Do more DWARF reading in the background

This patch rearranges the DWARF reader so that more work is done in the background. This is PR symtab/29942. The idea here is that there is only a small amount of work that must be done on the main thread when scanning DWARF -- before the main scan, the only part is mapping the section data. Currently, the DWARF reader uses the quick_symbol_functions "lazy" functionality to defer even starting to read. This patch instead changes the reader to start reading immediately, but doing more in worker tasks. Before this patch, "file" on my machine: (gdb) file /tmp/gdb 2023-10-23 12:29:56.885 - command started Reading symbols from /tmp/gdb... 2023-10-23 12:29:58.047 - command finished Command execution time: 5.867228 (cpu), 1.162444 (wall) After the patch, more work is done in the background and so this takes a bit less time: (gdb) file /tmp/gdb 2023-10-23 13:25:51.391 - command started Reading symbols from /tmp/gdb... 2023-10-23 13:25:51.712 - command finished Command execution time: 1.894500 (cpu), 0.320306 (wall) I think this could be further sped up by using the shared library load map to avoid objfile loops like the one in expand_symtab_containing_pc -- it seems like the correct objfile could be chosen more directly. Bug: https://sourceware.org/bugzilla/show_bug.cgi?id=29942 Bug: https://sourceware.org/bugzilla/show_bug.cgi?id=30174
author: Tom Tromey <tom@tromey.com> 2023-03-24 23:35:02 -0600
committer: Tom Tromey <tom@tromey.com> 2024-01-08 18:40:21 -0700
commit: 33c6eaaefcedd45e86d564d014f14cce2620f933 (patch)
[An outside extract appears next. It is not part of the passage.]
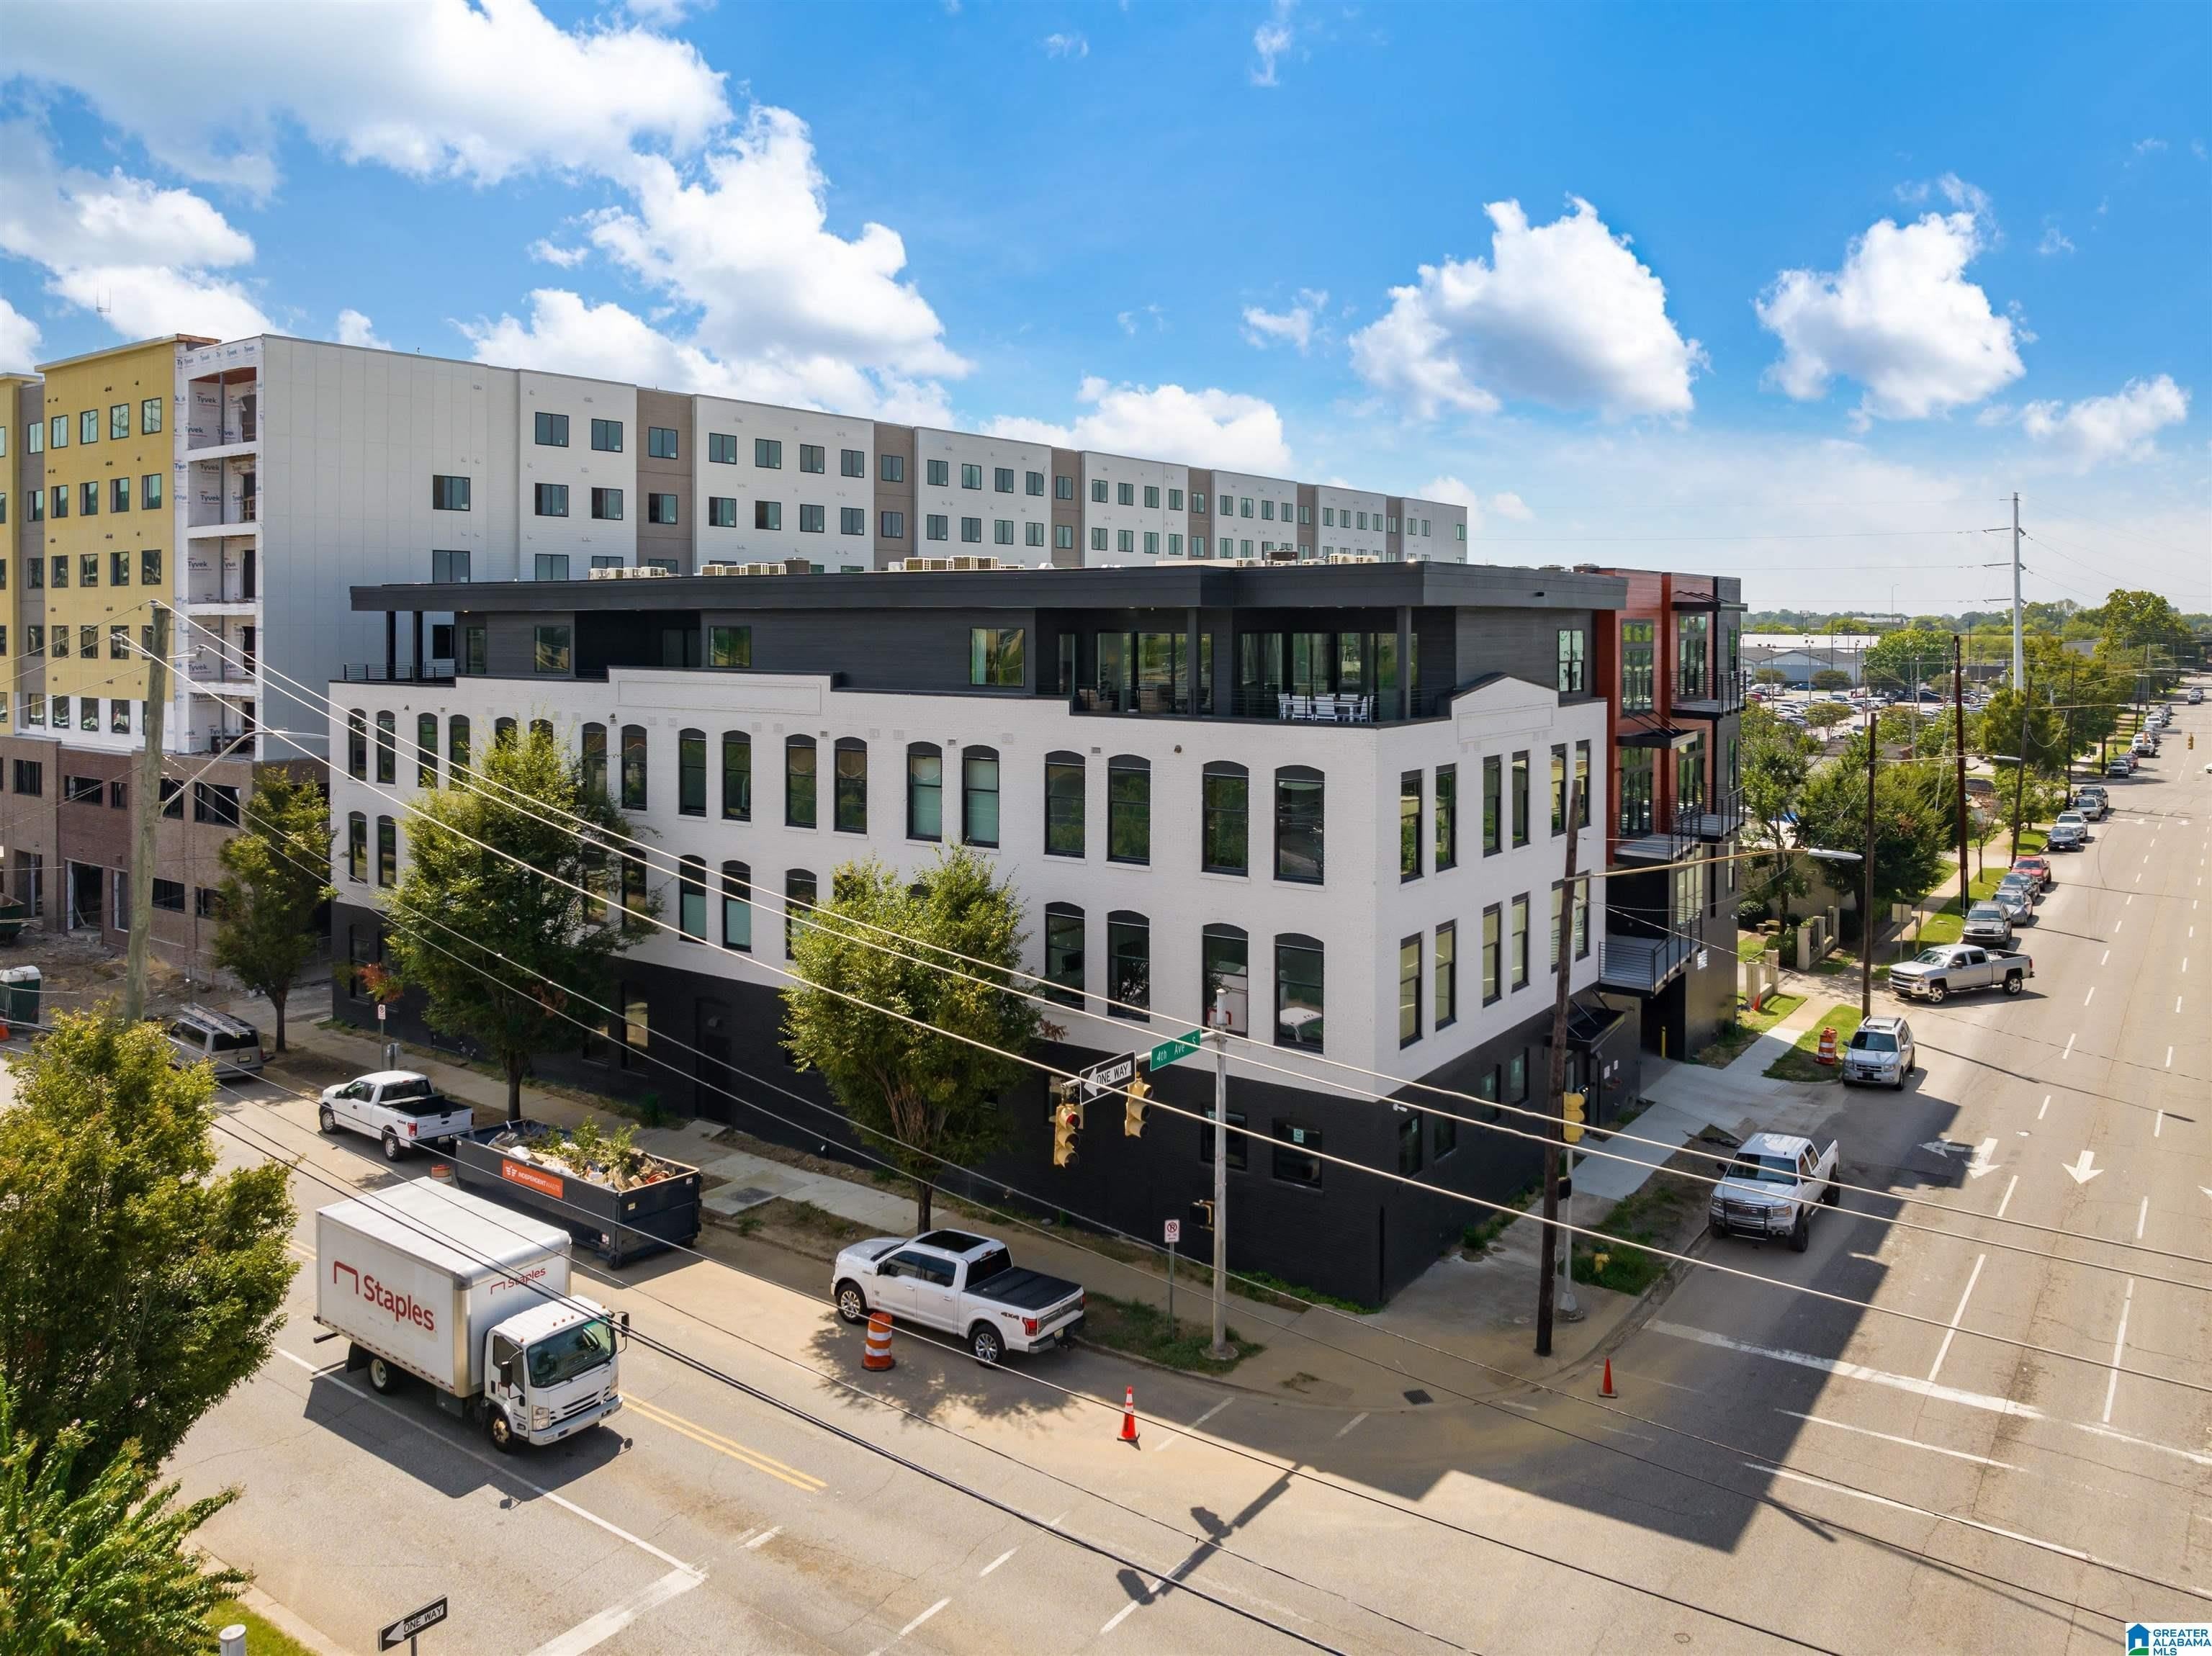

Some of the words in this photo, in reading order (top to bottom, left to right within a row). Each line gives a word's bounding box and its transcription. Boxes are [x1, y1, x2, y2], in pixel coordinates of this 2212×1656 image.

tree: 65e9699822f70d866cb3e0c6b7d2d05e88712d46 /gdb/dwarf2/cooked-index.h
parent: f7840e9e3eb9d1a157eaae772ea6841f1b83f1ba (diff)
download: gdb-33c6eaaefcedd45e86d564d014f14cce2620f933.zip
gdb-33c6eaaefcedd45e86d564d014f14cce2620f933.tar.gz
gdb-33c6eaaefcedd45e86d564d014f14cce2620f933.tar.bz2
1 files changed, 207 insertions, 45 deletions
diff --git a/gdb/dwarf2/cooked-index.h b/gdb/dwarf2/cooked-index.h
index 914a595..909e4c0 100644
--- a/gdb/dwarf2/cooked-index.h
+++ b/gdb/dwarf2/cooked-index.h
@@ -32,9 +32,18 @@
 #include "gdbsupport/iterator-range.h"
 #include "gdbsupport/thread-pool.h"
 #include "dwarf2/mapped-index.h"
+#include "dwarf2/read.h"
 #include "dwarf2/tag.h"
 #include "dwarf2/abbrev-cache.h"
 #include "gdbsupport/range-chain.h"
+#include "gdbsupport/task-group.h"
+#include "complaints.h"
+#include "run-on-main-thread.h"
+
+#if CXX_STD_THREAD
+#include <mutex>
+#include <condition_variable>
+#endif /* CXX_STD_THREAD */
 
 struct dwarf2_per_cu_data;
 struct dwarf2_per_bfd;
@@ -64,7 +73,7 @@ std::string to_string (cooked_index_flag flags);
 /* Return true if LANG requires canonicalization.  This is used
    primarily to work around an issue computing the name of "main".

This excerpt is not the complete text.